> [INSTRUCTIONS FOR THE TASK]: When you write out the listing, keep every character and omit the pictures.

[Start of Attachment]

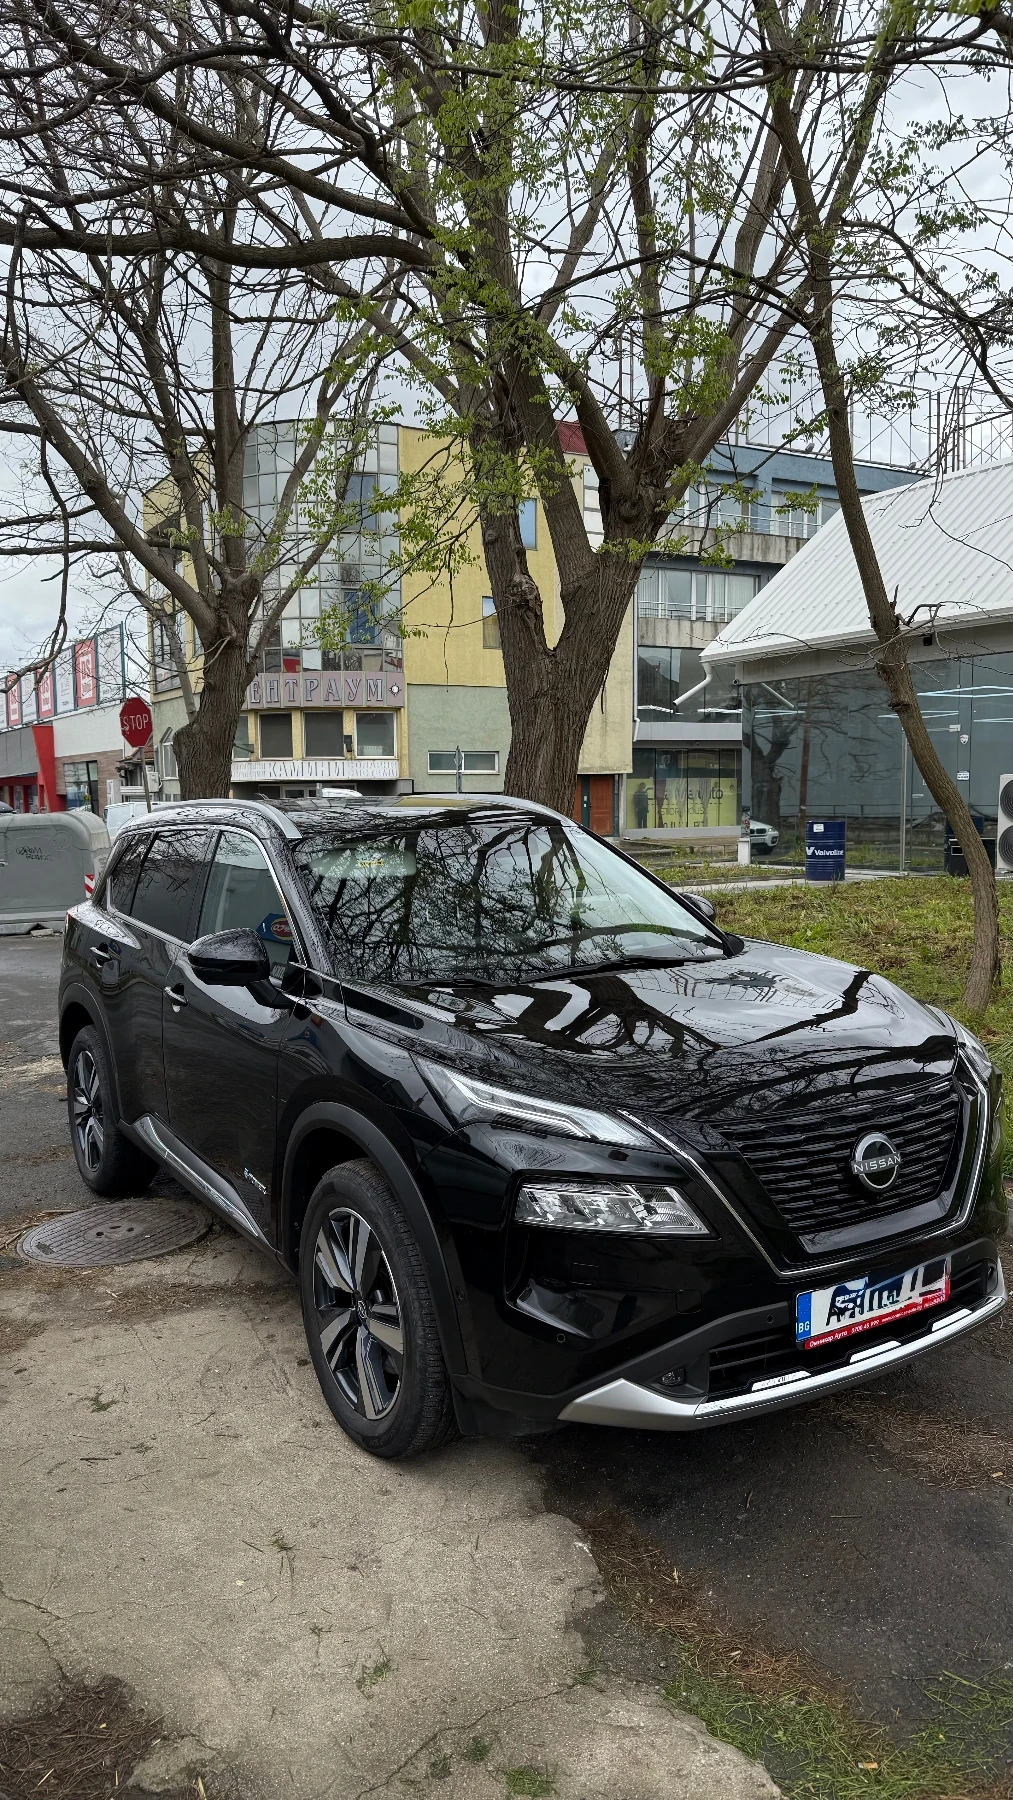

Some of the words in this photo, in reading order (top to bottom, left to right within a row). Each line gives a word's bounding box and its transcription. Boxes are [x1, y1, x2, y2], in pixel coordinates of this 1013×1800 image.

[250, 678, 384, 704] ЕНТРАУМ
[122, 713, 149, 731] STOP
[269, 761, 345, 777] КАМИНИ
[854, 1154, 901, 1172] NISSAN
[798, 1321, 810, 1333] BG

[End of Attachment]

> [RESPONSE BELOW]:
Some of the words in this photo, in reading order (top to bottom, left to right within a row). Each line gives a word's bounding box and its transcription. Boxes are [x1, y1, x2, y2], in pixel coordinates of this 1013×1800 image.

[250, 678, 384, 704] ЕНТРАУМ
[122, 713, 149, 731] STOP
[269, 761, 345, 777] КАМИНИ
[854, 1154, 901, 1172] NISSAN
[798, 1321, 810, 1333] BG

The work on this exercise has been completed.